Q: Find the value of $a, b, c$ and $d$ from the equation: $\left(\begin{array}{cc}a-b & 2 a+c \\ 2 a-b & 3 c+d\end{array}\right)=\left(\begin{array}{cc}-1 & 5 \\ 0 & 13\end{array}\right)$

$\left(\begin{array}{cc}a-b & 2 a+c \\ 2 a-b & 3 c+d\end{array}\right)=\left(\begin{array}{cc}-1 & 5 \\ 0 & 13\end{array}\right)$ As the two matrices are equal, their corresponding elements are also equal. Comparing the corresponding elements, we get: $$ \begin{align*} & a-b=-1 \tag{1}\\ & 2 a-b=0 \tag{2}\\ & 2 a+c=5 \tag{3}\\ & 3 c+d=13 \tag{4} \end{align*} $$ From (2), $$ b=2 a $$ Putting this value in (1), $$ \begin{aligned} & \Rightarrow a-2 a=-1 \\ & \Rightarrow a=1 \end{aligned} $$ Hence, $$ \Rightarrow b=2 $$ Putting $a=1$ in (3), $$ \begin{aligned} & \Rightarrow 2(1)+c=5 \\ & \Rightarrow c=3 \end{aligned} $$ Putting $c=3$ in (4), $$ \begin{aligned} & \Rightarrow 3(3)+d=13 \\ & \Rightarrow d=4 \end{aligned} $$ Thus, $a=1, b=2, c=3$ and $d=4$.

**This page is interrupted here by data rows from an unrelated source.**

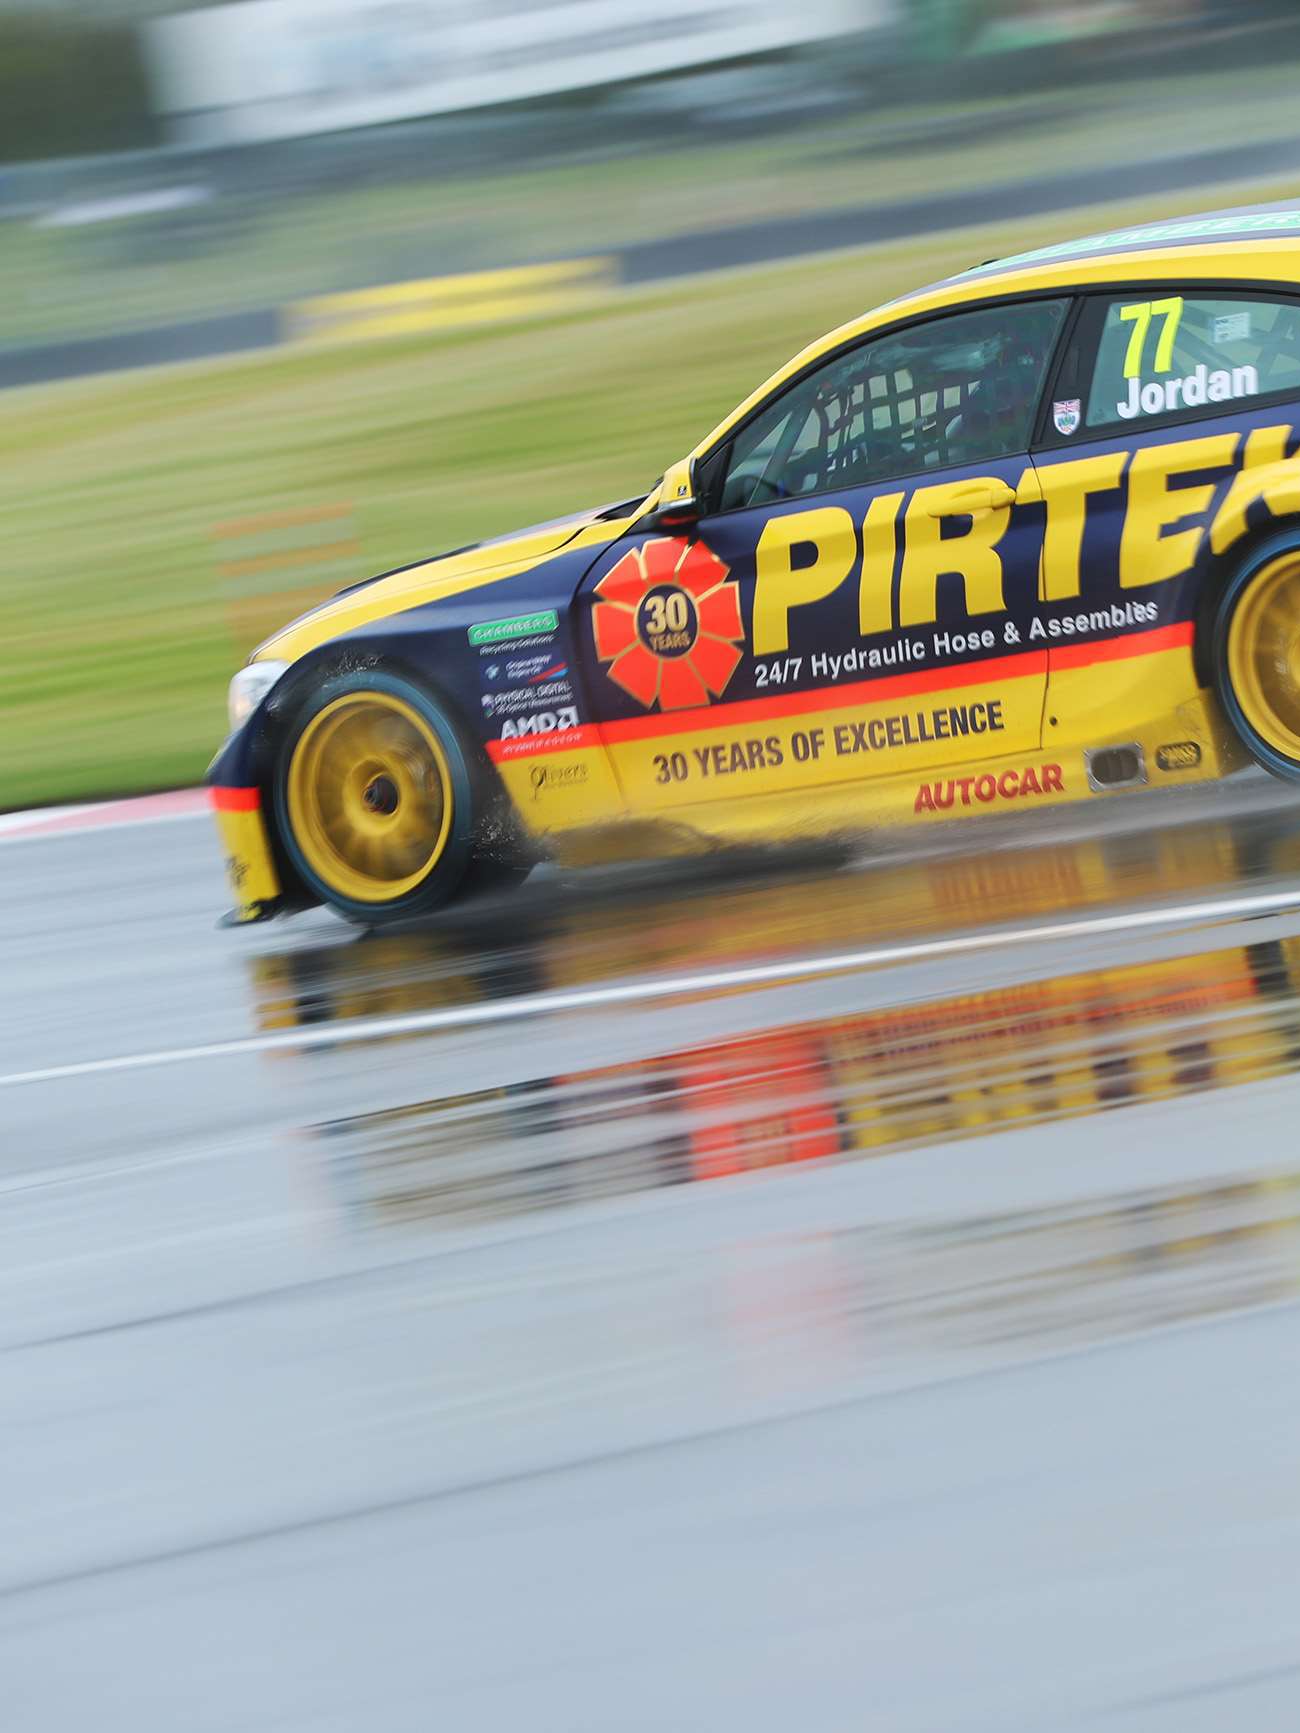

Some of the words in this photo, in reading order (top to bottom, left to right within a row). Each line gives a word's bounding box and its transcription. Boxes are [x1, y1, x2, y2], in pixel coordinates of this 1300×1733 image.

[1119, 296, 1184, 379] 77
[1116, 363, 1259, 420] Jordan
[644, 591, 689, 635] 30
[649, 631, 691, 650] YEARS
[754, 656, 803, 688] 24/7
[811, 638, 926, 680] Hydraulic
[933, 628, 996, 657] Hose
[1003, 621, 1022, 645] &
[1029, 600, 1159, 641] Assemblies
[653, 751, 689, 785] 30
[693, 735, 784, 777] YEARS
[791, 727, 826, 763] OF
[833, 700, 1005, 757] EXCELLENCE
[913, 762, 1066, 815] AUTOCAR
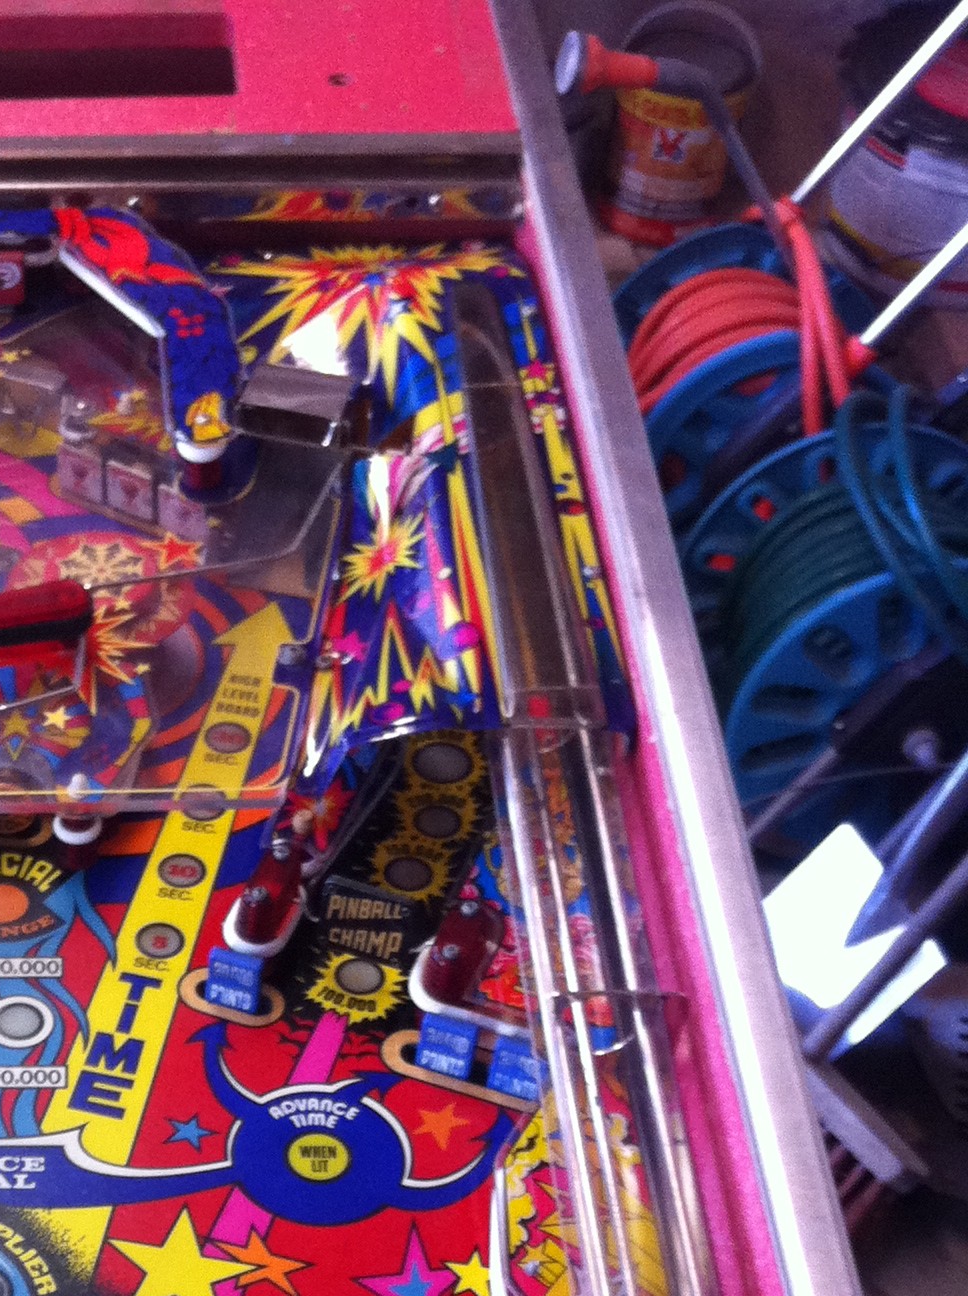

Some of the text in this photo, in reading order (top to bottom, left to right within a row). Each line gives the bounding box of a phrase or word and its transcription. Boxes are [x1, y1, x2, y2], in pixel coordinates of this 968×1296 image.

[326, 894, 403, 920] PINBALL
[328, 927, 403, 961] CHAMP
[67, 972, 164, 1121] TIME
[268, 1098, 361, 1121] ADVANCE
[288, 1113, 340, 1129] TIME
[299, 1145, 338, 1159] WHEN
[311, 1160, 330, 1174] LIT
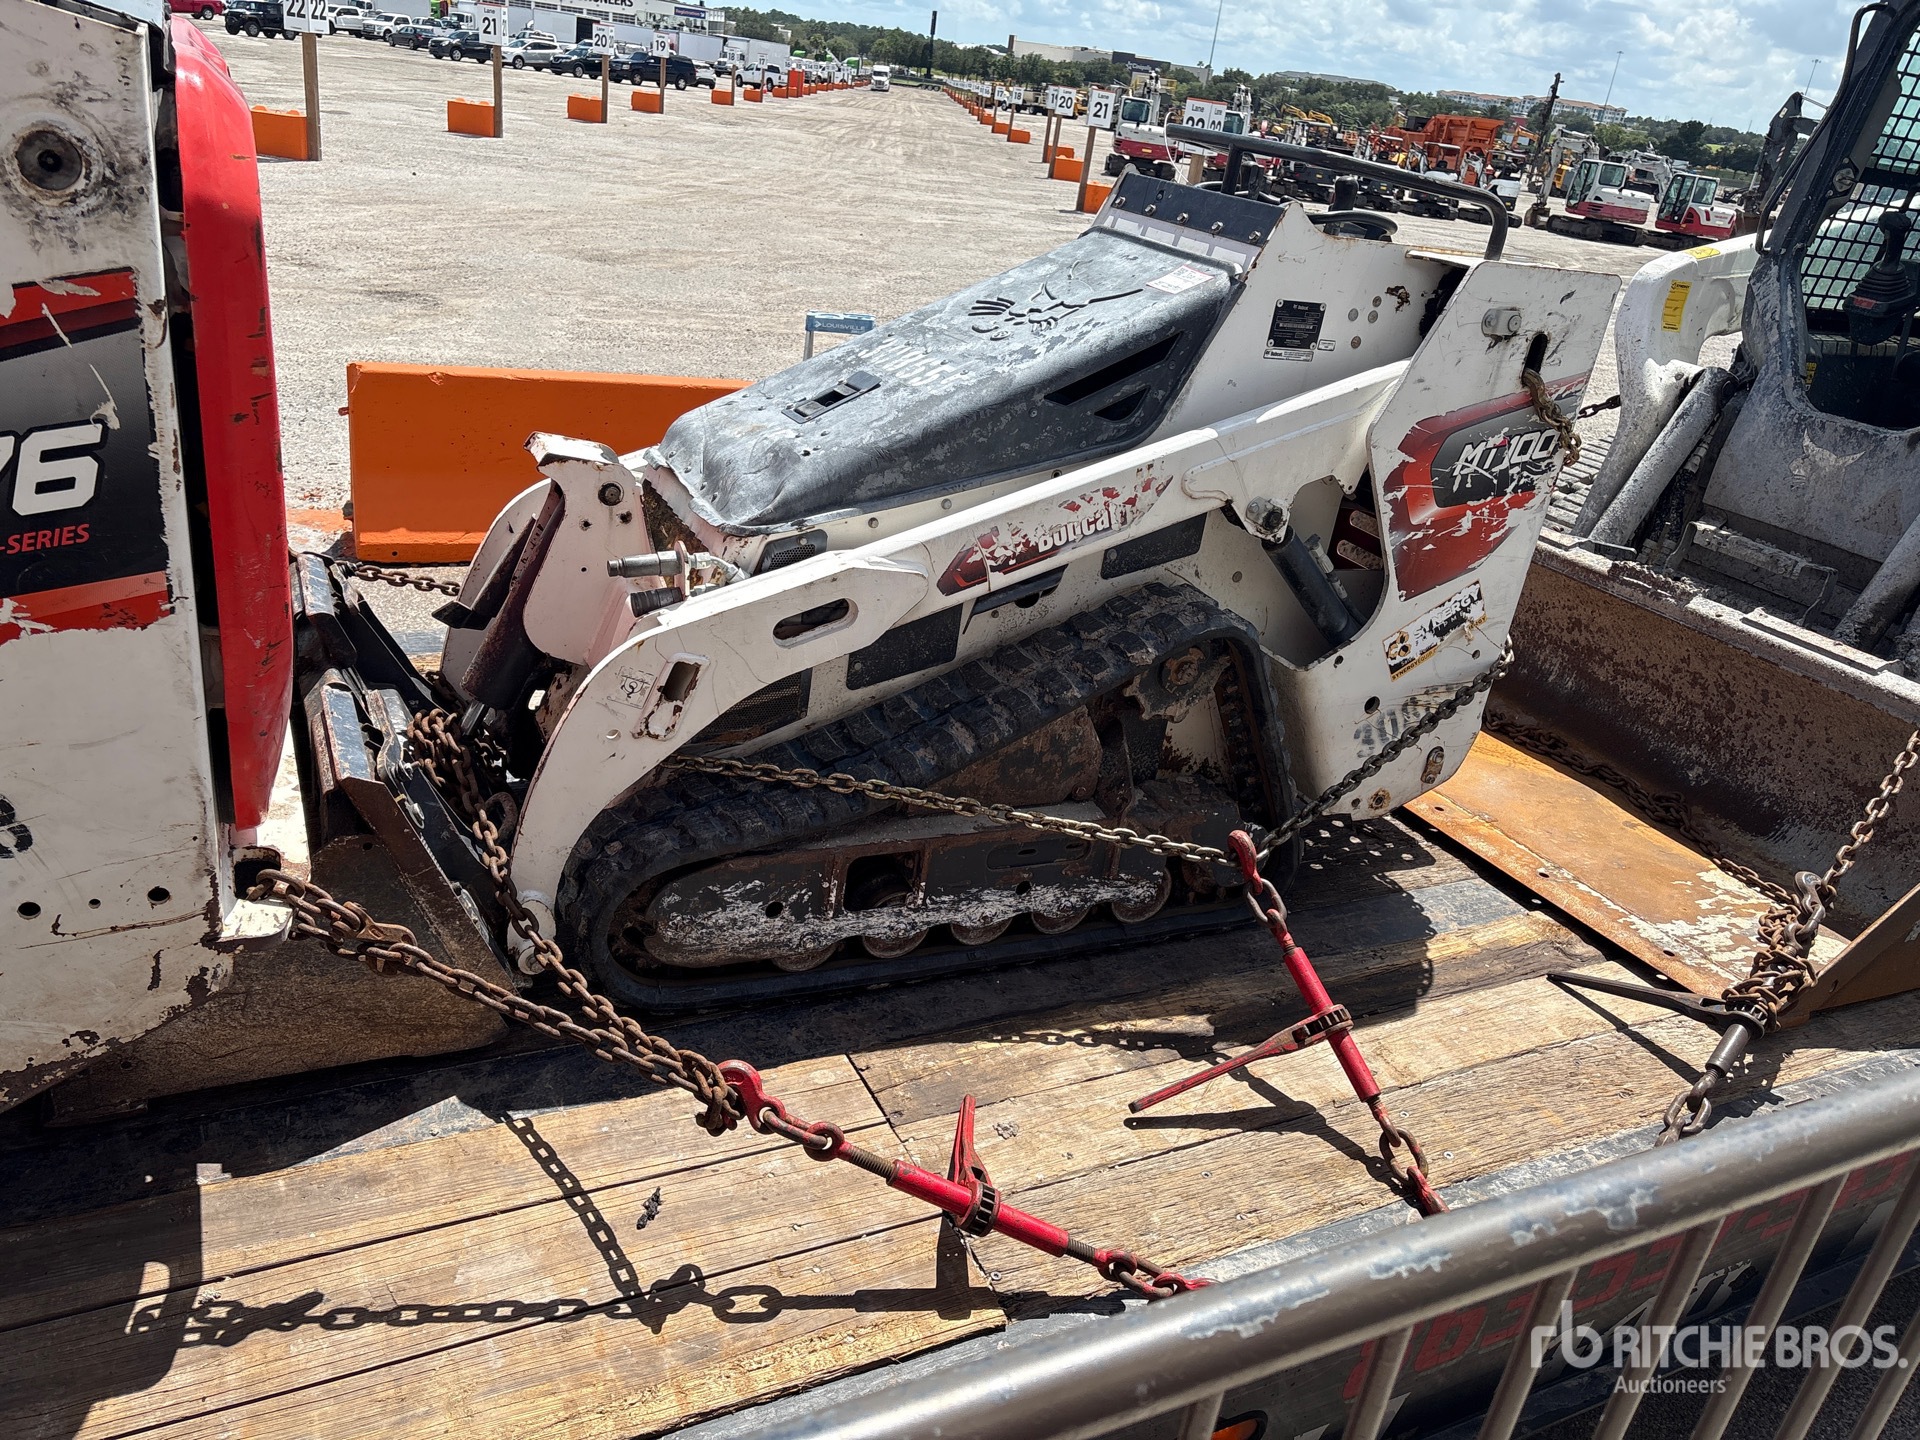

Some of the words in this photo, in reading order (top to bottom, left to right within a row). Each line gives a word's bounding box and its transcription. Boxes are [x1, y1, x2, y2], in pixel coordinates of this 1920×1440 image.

[482, 16, 497, 36] 21
[594, 33, 608, 48] 20
[656, 40, 666, 52] 19
[1014, 91, 1022, 100] 18
[1051, 93, 1058, 104] 1
[1058, 95, 1073, 109] 20
[1092, 101, 1109, 119] 21
[1191, 104, 1205, 113] Lane
[822, 322, 866, 332] LOUISVILLE
[0, 423, 103, 516] 6

Q: Which of the given values of $x$ and $y$ make the following pair of matrices equal $\left\lceil\begin{array}{cc}3 x+7 & 5 \\ y+1 & 2-3 x\end{array}\right\rceil,\left\lceil\begin{array}{cc}0 & y-2 \\ 8 & 4\end{array}\right\rceil$ (A) $x=\frac{-1}{3}, y=7$ (B) Not possible to find (C) $y=7, x=\frac{-2}{3}$ (D) $x=\frac{-1}{3}, y=\frac{-2}{3}$

The given matrices are $\left[\begin{array}{cc}3 x+7 & 5 \\ y+1 & 2-3 x\end{array}\right]$ and $\left[\begin{array}{cc}0 & y-2 \\ 8 & 4\end{array}\right]$ Equating the corresponding elements, we get: $$ \begin{aligned} & 3 x+7=0 \Rightarrow x=\frac{-7}{3} \\ & y-2=5 \Rightarrow y=7 \\ & y+1=8 \Rightarrow y=7 \\ & 2-3 x=4 \Rightarrow x=\frac{-2}{3} \end{aligned} $$ We find that on comparing the corresponding elements of the two matrices, we get two different values of $x$, which is not possible. Hence, it is not possible to find the values of $x$ and $y$ for which the given matrices are equal. Thus, the correct option is B.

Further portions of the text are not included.